El cultivo de hoja de coca, así como la producción y las incautaciones mundiales de cocaína, se encuentran en máximos históricos, según los datos presentados este jueves en Viena en el último Informe Mundial sobre Drogas de la ONU.

«La producción global estimada de cocaína alcanzó, una vez más, un máximo histórico, y las incautaciones mundiales aumentaron marginalmente, hasta la mayor cantidad nunca registrada», prosigue el informe.

Cifras al alza

En 2018 se produjeron 1.723 toneladas de cocaína con una pureza del cien por cien, por lo que la cifra que llega al mercado es mucho mayor, ya que los narcotraficantes mezclan la droga con otras sustancias para aumentar sus beneficios.

La cifra de 2018 es un 4,6 % superior a las de 2017. La producción mundial de cocaína ha mantenido una tendencia al alza en la última década, desde las 1.143 toneladas de 2008.

El informe explica que este incremento continuo de la producción se debe a mejoras en el cultivo -con el uso de variedades de arbusto de coca de mayor rendimiento- y en la producción en laboratorios clandestinos.

De esta forma, si en 2015 se lograban en Colombia 5,2 kilos de clorhidrato de cocaína por hectárea, esa cifra aumentó hasta 6,5 kilos en 2018.

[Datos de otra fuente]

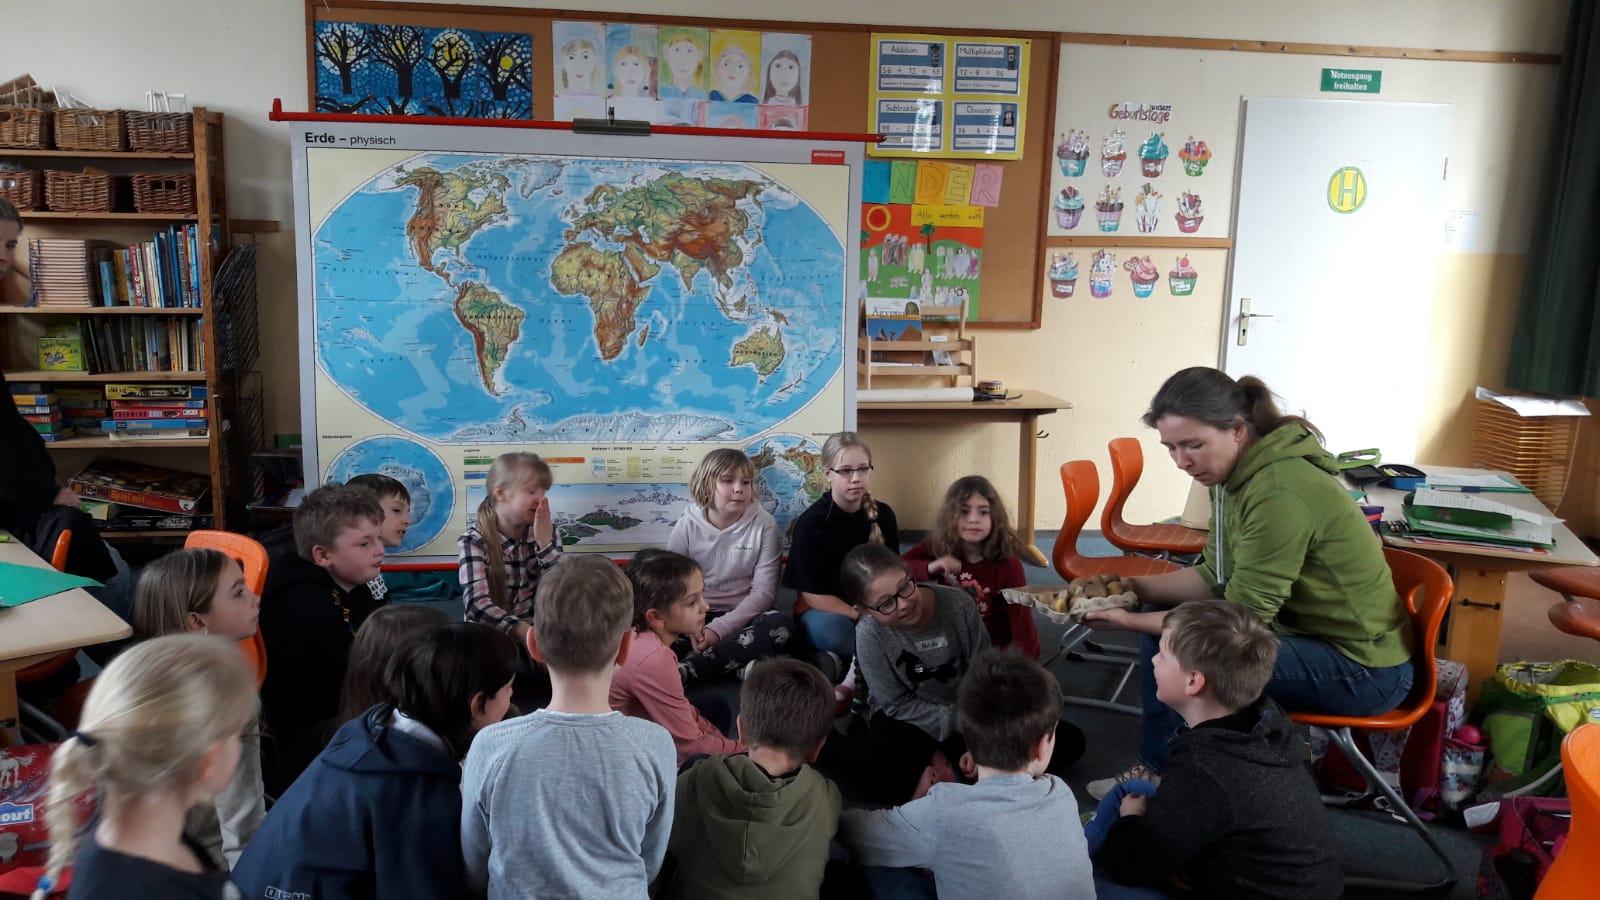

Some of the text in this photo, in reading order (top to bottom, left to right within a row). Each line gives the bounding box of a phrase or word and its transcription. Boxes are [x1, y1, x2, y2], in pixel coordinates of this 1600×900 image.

El informe recoge una ligera bajada de la extensión de cultivo de coca en Bolivia, que pasa de 24.500 hectáreas en 2017 a 23.100 en 2018, mientras que en Colombia se pasan de las 171.000 hectáreas en 2017 a las 169.000 en 2018.

Consumo estable

En el mundo hay un total de 19 millones de consumidores de cocaína, lo que supone el 0,4 % de la población adulta del planeta, y sus dos mayores mercados son América del Norte -con una tasa de consumo del 2,1 %- y Europa -con el 1,4 %-.

Donde se registró la mayor tasa de consumo en el mundo en 2018 fue en Australia y Nueva Zelanda con el 2,2 % de la población de 15 a 64 años, mientras que el consumo medio en América Central (0,7 %) y América del Sur (1 %) también supera la media mundial.

La ONU también apunta a un cambio en las rutas del narcotráfico desde América del Sur, con menores salidas desde Venezuela, mientras que Brasil se mantiene, y se subraya la creciente importancia de Uruguay como punto de partida de la droga.

Impacto de la pandemia

El informe señala que las restricciones impuestas al movimiento para frenar la expansión de la COVID-19 han tenido un impacto en el tráfico y la producción de cocaína.

La reducción del tráfico aéreo con Europa y Estados Unidos ha llevado a un aumento del envío de la cocaína por barco, lo que parece explicar el incremento de las incautaciones en los puertos europeos en los últimos meses.

En Colombia, las fuerzas de seguridad «incrementaron su presión durante la pandemia» y «la campaña de erradicación del arbusto de coca continúa como se planeó».

Al mismo tiempo, la producción de cocaína parece haberse frenado en ciertas zonas, especialmente en el este de Colombia, debido a la escasez de gasolina, que es esencial para su fabricación.